No matter how it might seem sometimes, feminism is not a movement for the young. Historically it seems that so long as feminism has had a name, the following generation of women has wanted to exclude her parents and older women in general. There is a misplaced belief that becoming a mother gives into the patriarchal system. Under this belief, mothers cannot be feminists.
This is one of the largest problems feminism still grapples with because although there are critics of feminism for being straight, white, and middle class, motherhood is discussed far less often. If each new generation of feminists is content to believe they are the only ones who are oppressed, and that because they are young and radical they are at the core of the movement, then feminism is limiting itself.
I understand that motherhood is a slippery subject with feminists asking questions such as: is giving birth and settling down accepting your biology? and Can this choice ever be a feminist statement? A woman named Kathleen M. Streater wrote a feminist critique of Kate Chopin’s The Awakening in 2007 and summed up feminism in perhaps the clearest way I have ever heard: “Today, more than ever, feminism is about choice.” Without going too much into detail about Streater’s critique, I need to point out that choice is exactly what feminists are fighting for. We want the choice to be engineers, executives, or athletes. At the same time, what about the choice to fall in love, be in an equal relationship and raise your children as feminists?
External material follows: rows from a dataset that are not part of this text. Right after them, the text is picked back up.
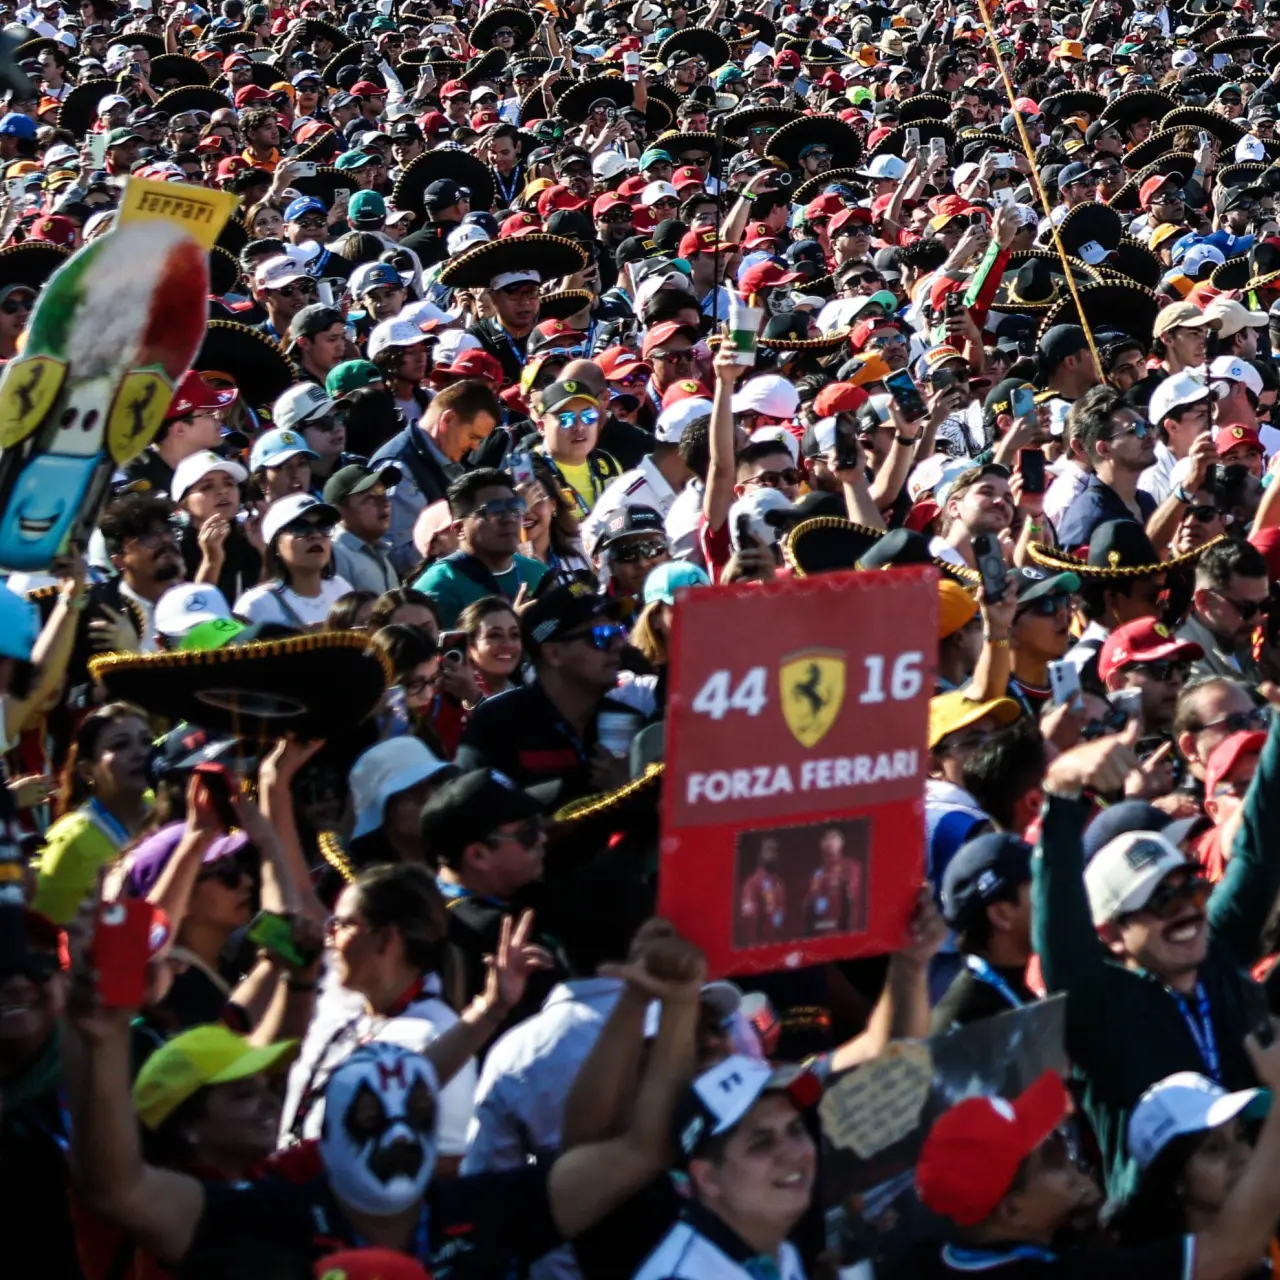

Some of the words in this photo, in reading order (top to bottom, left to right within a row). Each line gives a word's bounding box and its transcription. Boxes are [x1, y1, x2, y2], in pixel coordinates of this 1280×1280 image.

[138, 191, 215, 225] Ferrari
[692, 668, 770, 720] 44
[859, 651, 924, 703] 16
[687, 764, 793, 805] FORZA
[801, 750, 919, 791] FERRARI
Motherhood is often mislabeled as unfeminist, without anyone really understanding what unfeminist means. Does anyone stop to consider that motherhood does not kill feminism? I want to praise the mothers who want a better world for their sons and daughters. I want to praise the mothers who live in a world that dismisses them once they have fulfilled their biological function and given birth.
My mother has been influential in my life, and I know that she has has always put my brother and myself first, before any career options, and that employers are never happy with this. Women are supposed to raise families, give birth, and put aside their identities for the role of mother. The commonality of woman-as-mother puts her in direct opposition to feminism. But it shouldn’t be this way. If feminism is for equal rights, keeping mothers closeted as the uniformed generation of the patriarchy is not going to bring any unification.
The next step for feminists needs to be accepting mothers as the strong women they are, understanding that we are all women, and finally dismantling the stereotype that mothers are only identified by their children.